A series of Ti-site deficient Li₂CoTi₃O₈-based materials are synthesized by a simple citric-nitrate method. The elemental ratio is determined by X-ray diffraction (XRD) Rietveld refinement and X-ray photoelectron spectroscopy (XPS) measurement. Ti-deficiency is compensated by the increase of Co element valence, resulting in the excess Co³⁺/Co²⁺ and Co⁴⁺/Co²⁺ redox processes during cycling that allows more lithium-ions insertion in the structure, thus endowing the material with a higher theoretical specific capacity. Besides, the Ti-deficiency introduction significantly enhances both the electronic and ionic conductivities and thus the electrode reaction kinetics. The synthesized Li₂CoTi_2.703O₈ anode displays a higher specific capacity (~320 mAh g⁻¹ at 100 mA g⁻¹) and a better rate-capability (185 mAh g⁻¹ at 8000 mA g⁻¹; no capacity decay over 500 cycles). The Ti-deficiency design concept in this work can be extended for the development of other energy storage materials with high energy/power density.

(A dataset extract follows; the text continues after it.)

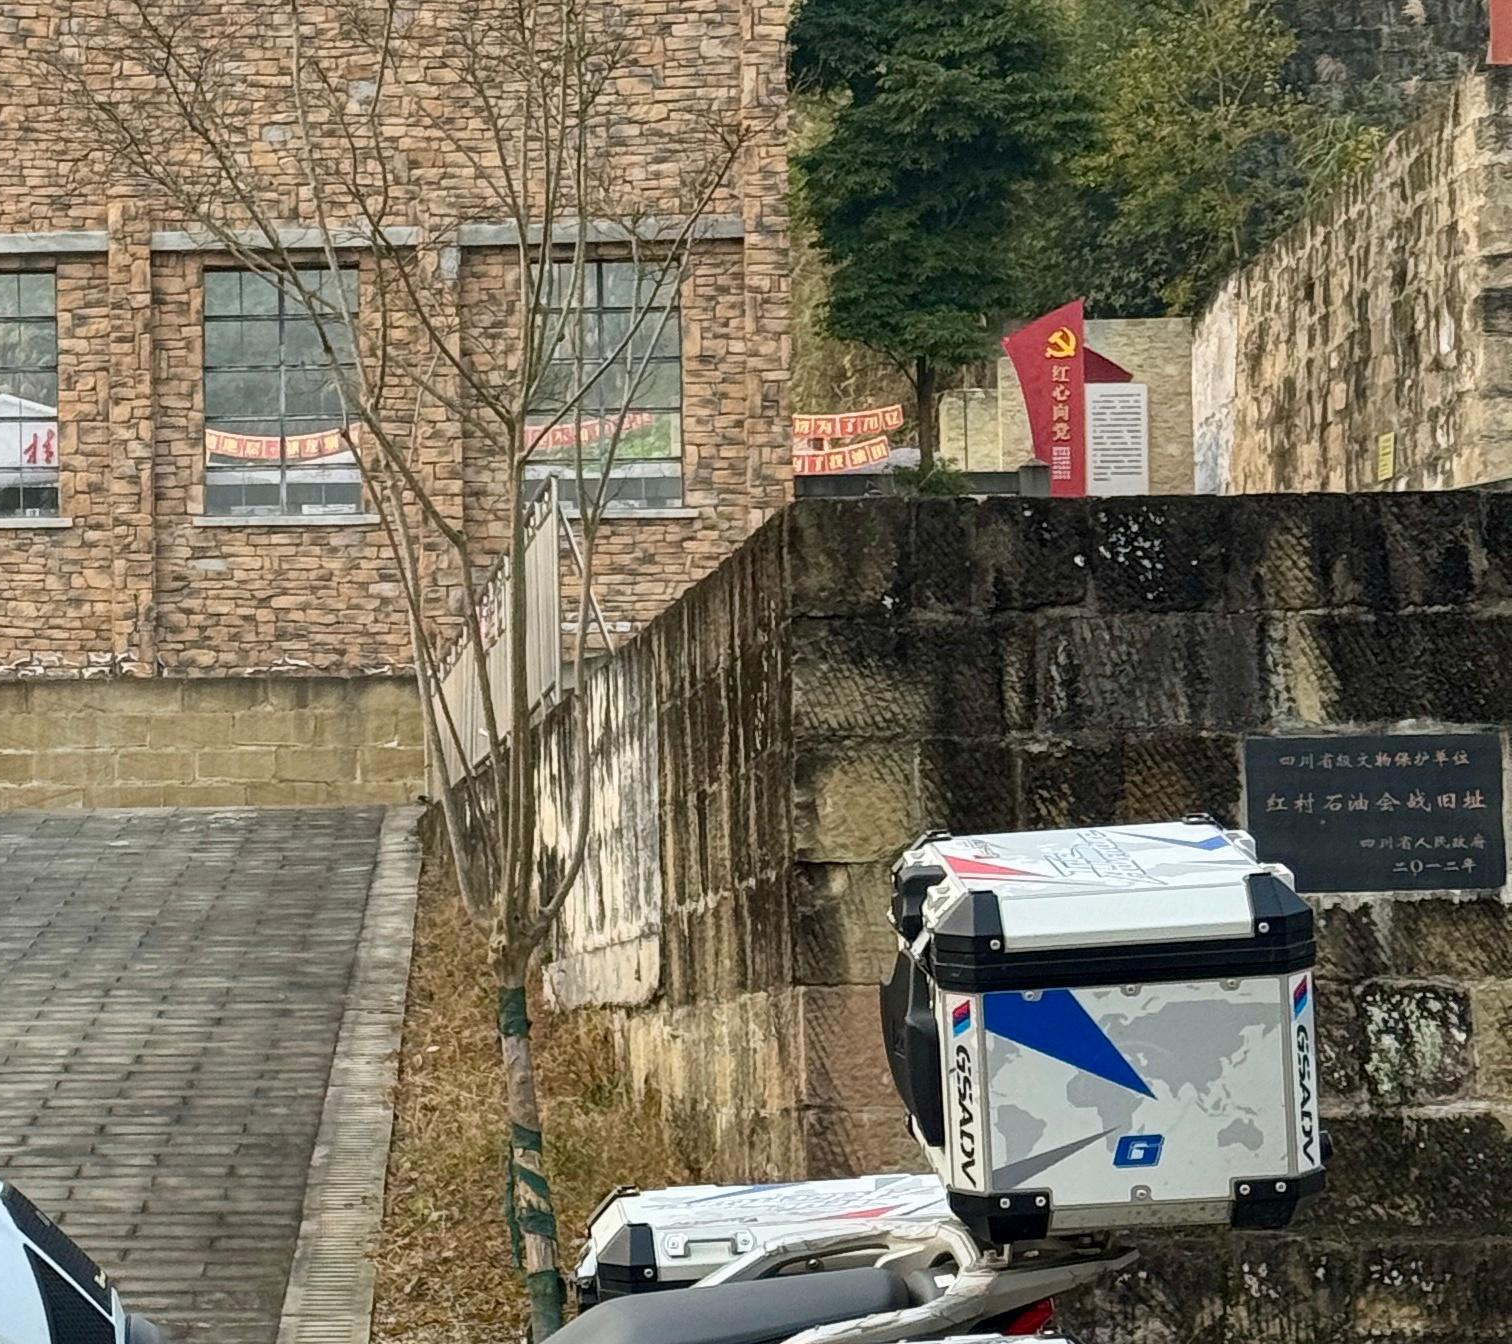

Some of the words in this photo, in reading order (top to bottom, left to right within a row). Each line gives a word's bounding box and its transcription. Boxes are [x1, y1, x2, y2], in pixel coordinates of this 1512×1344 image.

通过简单的柠檬酸－硝酸盐法合成了一系列Ti位点不足的Li ₂ CoTi ₃ O ₈基材料。元素比通过X射线衍射（XRD）Rietveld精炼和X射线光电子能谱（XPS）测量确定。Ti的缺乏通过Co元素价的增加得到补偿，导致过量的Co ³⁺ / Co ²⁺和Co ⁴⁺ / Co ²⁺循环过程中的氧化还原过程允许更多的锂离子插入结构中，从而使材料具有更高的理论比容量。此外，缺乏钛的引入显着提高了电子和离子电导率，从而提高了电极反应动力学。将合成的李₂ COTI _2.703 ö ₈阳极显示更高的比容量（〜320毫安克^-1在100mA克^-1）和更好的速率能力（185毫安克^-1在8000毫安克^-1 ;无容量衰减超过500个周期）。这项工作中的钛缺乏设计概念可以扩展为开发其他具有高能量/功率密度的储能材料。